## Exercise prompt
The listing below should be printed exactly, though its pictures must not be.

## Data for review
==============================

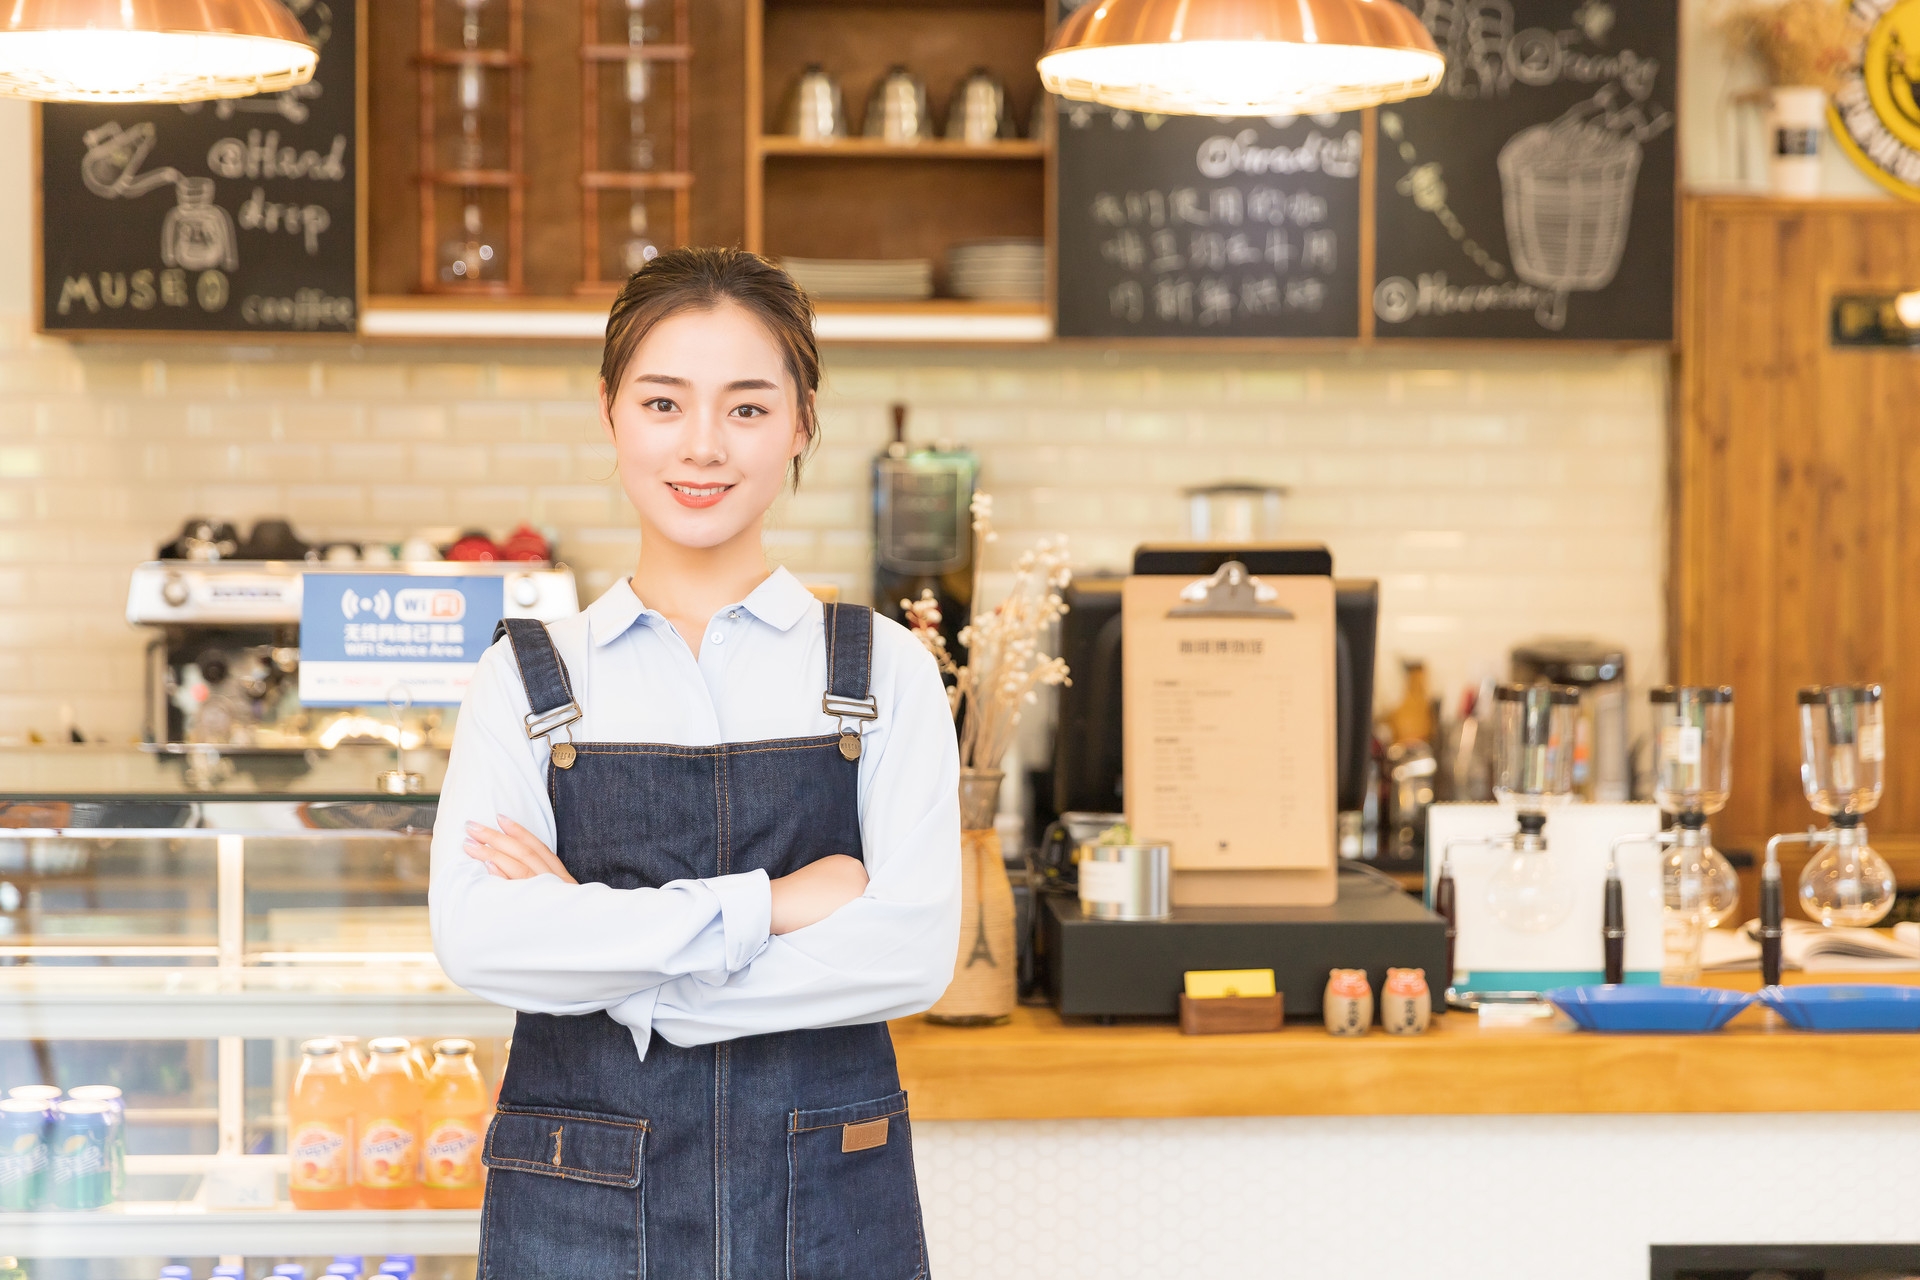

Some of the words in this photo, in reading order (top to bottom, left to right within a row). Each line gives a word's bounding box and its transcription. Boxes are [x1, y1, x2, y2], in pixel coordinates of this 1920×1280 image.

[238, 187, 331, 254] drip
[56, 268, 229, 315] MUSEO
[376, 642, 428, 657] Service
[429, 643, 465, 657] Area
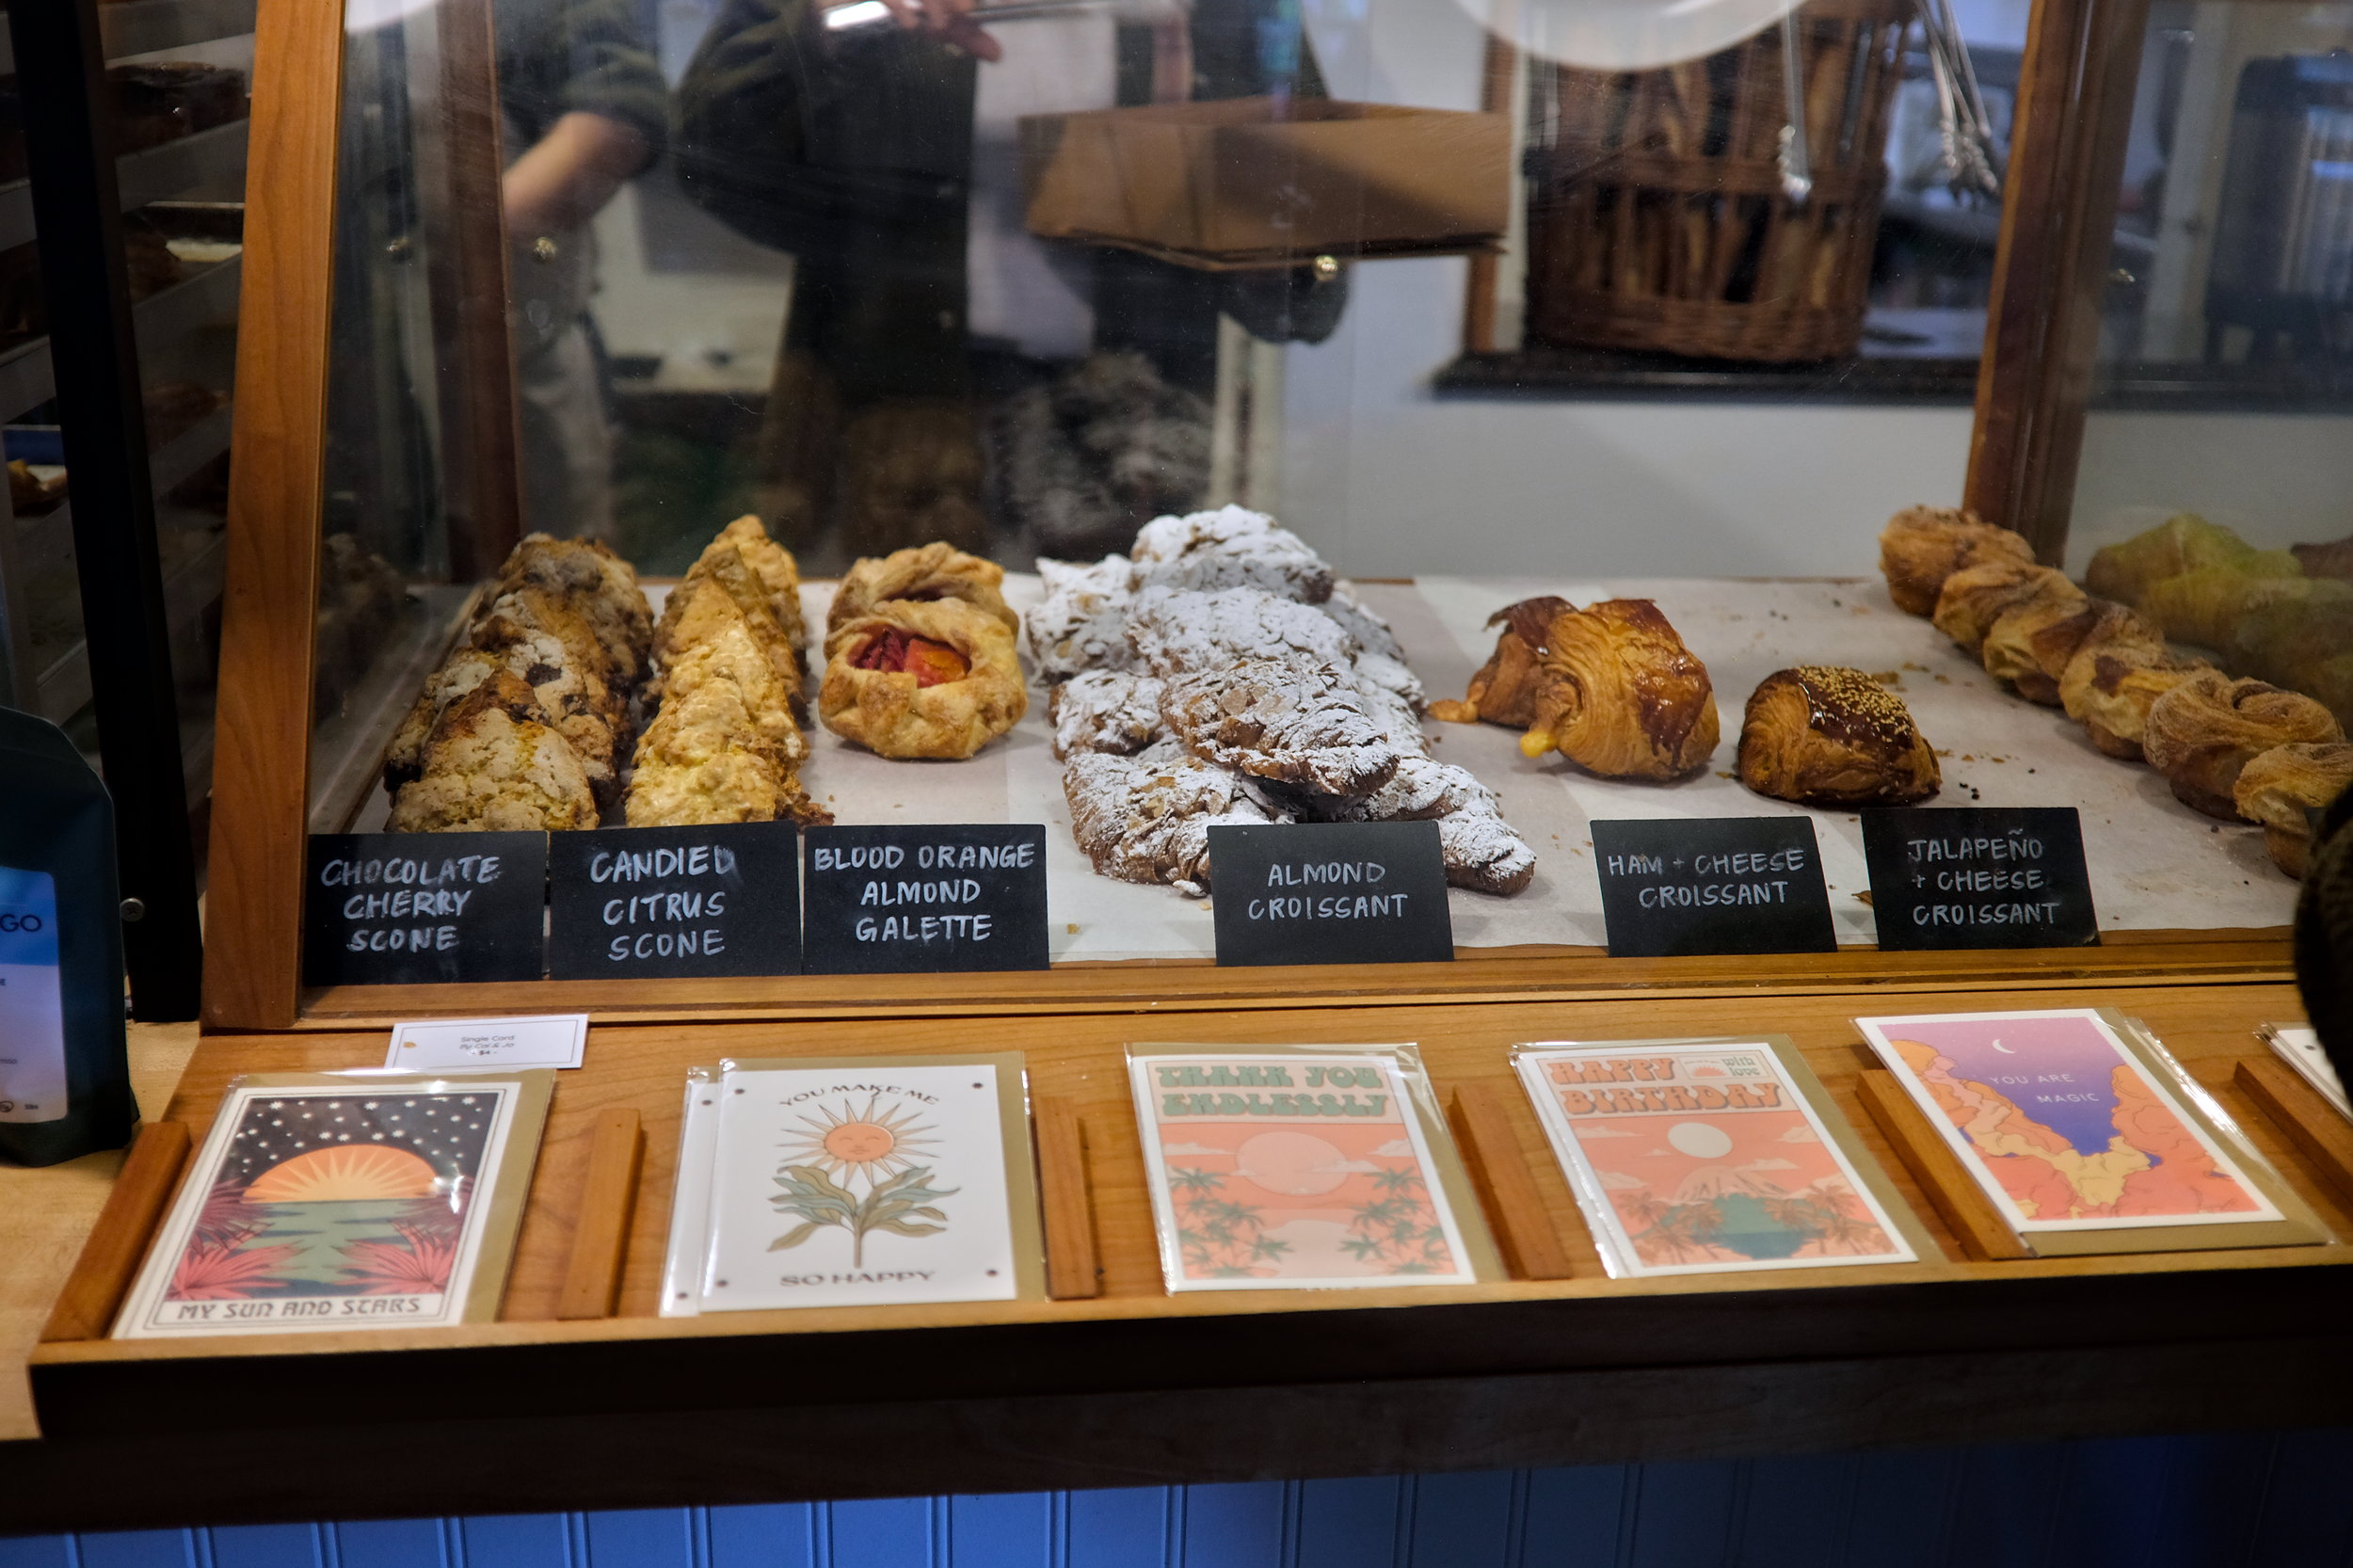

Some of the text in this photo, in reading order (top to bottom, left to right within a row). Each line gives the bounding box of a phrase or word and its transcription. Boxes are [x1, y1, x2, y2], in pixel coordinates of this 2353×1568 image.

[814, 843, 1035, 872] BLOOD ORANGE
[1907, 829, 2043, 863] JALAPEÑO
[320, 856, 500, 888] CHOCOLATE
[589, 844, 738, 884] CANDIED
[1267, 861, 1386, 888] ALMOND
[1608, 855, 1663, 876] HAM
[1695, 850, 1804, 875] CHEESE
[860, 879, 982, 906] ALMOND
[1639, 881, 1788, 908] CROISSANT
[1937, 870, 2043, 892] CHEESE
[343, 888, 472, 920] CHERRY
[602, 891, 726, 926] CITRUS
[1247, 893, 1409, 920] CROISSANT
[1913, 903, 2060, 926] CROISSANT
[347, 925, 458, 952] SCONE
[856, 914, 993, 943] GALETTE
[607, 928, 726, 962] SCONE
[1548, 1056, 1676, 1085] HAPPY
[1721, 1056, 1756, 1066] with
[1729, 1067, 1761, 1077] love
[1156, 1065, 1384, 1089] THANK YOU
[1989, 1073, 2076, 1085] YOU ARE
[778, 1083, 940, 1107] YOU MAKE ME
[1161, 1093, 1388, 1117] ENDLESSLY
[1560, 1081, 1782, 1115] BIRTHDAY
[2036, 1093, 2101, 1104] MAGIC
[779, 1270, 936, 1287] SO HAPPY
[178, 1297, 422, 1320] MY SUN AND STARS
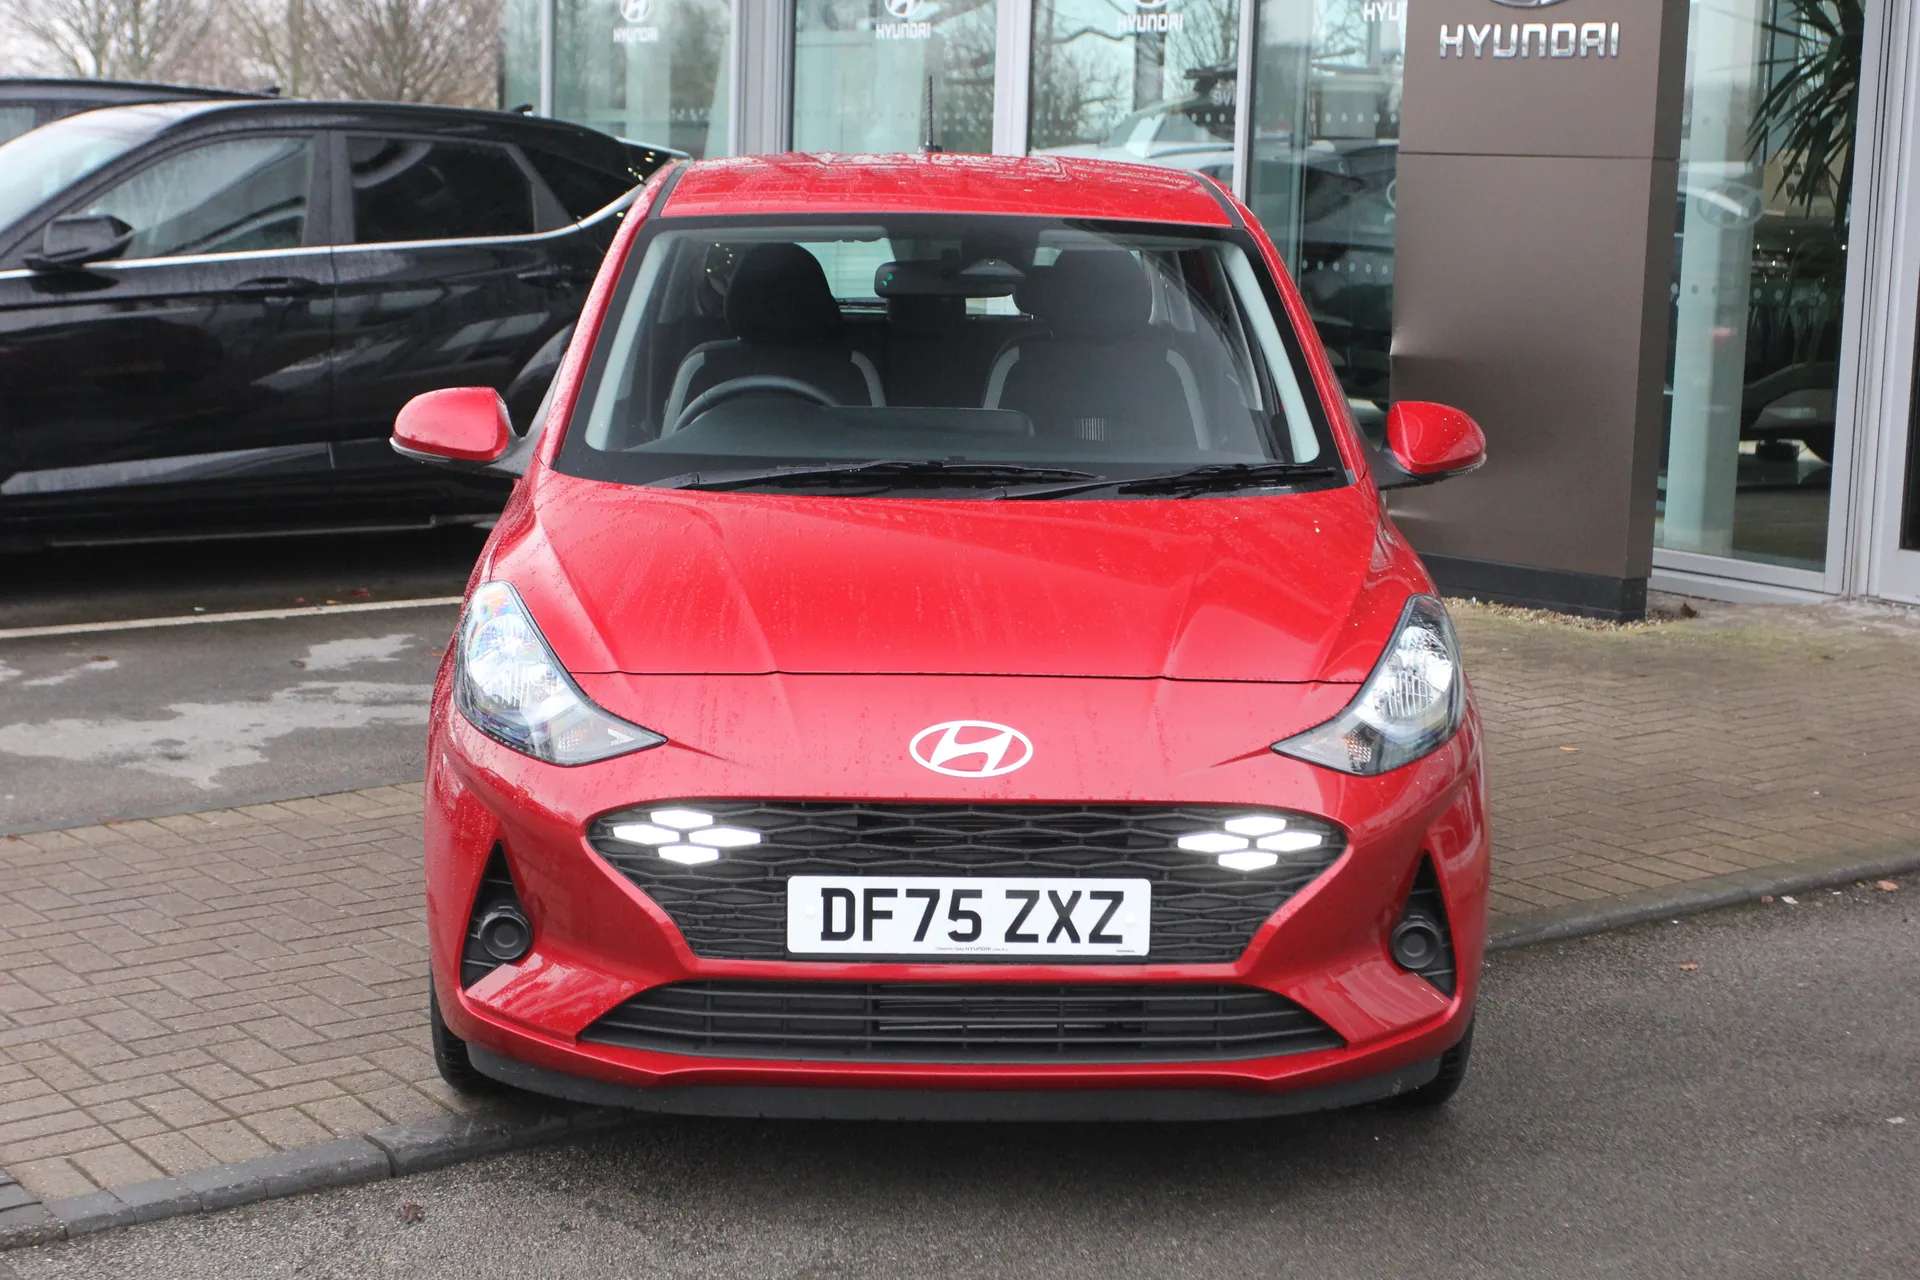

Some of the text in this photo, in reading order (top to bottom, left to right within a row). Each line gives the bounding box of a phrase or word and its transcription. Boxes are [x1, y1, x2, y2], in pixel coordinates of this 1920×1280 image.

==============================

## Solution to this problem
Some of the words in this photo, in reading order (top to bottom, left to right within a row). Each line gives a word's bounding box and its transcription. Boxes are [x1, y1, x2, y2], in pixel coordinates of this 1920×1280 image.

[238, 187, 331, 254] drip
[56, 268, 229, 315] MUSEO
[376, 642, 428, 657] Service
[429, 643, 465, 657] Area

Some of the text in this photo, in reading order (top to bottom, left to right within a row). Each line gives the bounding box of a phrase or word and its transcription. Boxes are [x1, y1, x2, y2], in pixel coordinates of this 2353×1568 image.

[814, 843, 1035, 872] BLOOD ORANGE
[1907, 829, 2043, 863] JALAPEÑO
[320, 856, 500, 888] CHOCOLATE
[589, 844, 738, 884] CANDIED
[1267, 861, 1386, 888] ALMOND
[1608, 855, 1663, 876] HAM
[1695, 850, 1804, 875] CHEESE
[860, 879, 982, 906] ALMOND
[1639, 881, 1788, 908] CROISSANT
[1937, 870, 2043, 892] CHEESE
[343, 888, 472, 920] CHERRY
[602, 891, 726, 926] CITRUS
[1247, 893, 1409, 920] CROISSANT
[1913, 903, 2060, 926] CROISSANT
[347, 925, 458, 952] SCONE
[856, 914, 993, 943] GALETTE
[607, 928, 726, 962] SCONE
[1548, 1056, 1676, 1085] HAPPY
[1721, 1056, 1756, 1066] with
[1729, 1067, 1761, 1077] love
[1156, 1065, 1384, 1089] THANK YOU
[1989, 1073, 2076, 1085] YOU ARE
[778, 1083, 940, 1107] YOU MAKE ME
[1161, 1093, 1388, 1117] ENDLESSLY
[1560, 1081, 1782, 1115] BIRTHDAY
[2036, 1093, 2101, 1104] MAGIC
[779, 1270, 936, 1287] SO HAPPY
[178, 1297, 422, 1320] MY SUN AND STARS

Some of the text in this photo, in reading order (top to bottom, left to right within a row). Each line gives the bounding box of a phrase or word and its transcription. Boxes are [x1, y1, x2, y2], in pixel coordinates of this 1920×1280 image.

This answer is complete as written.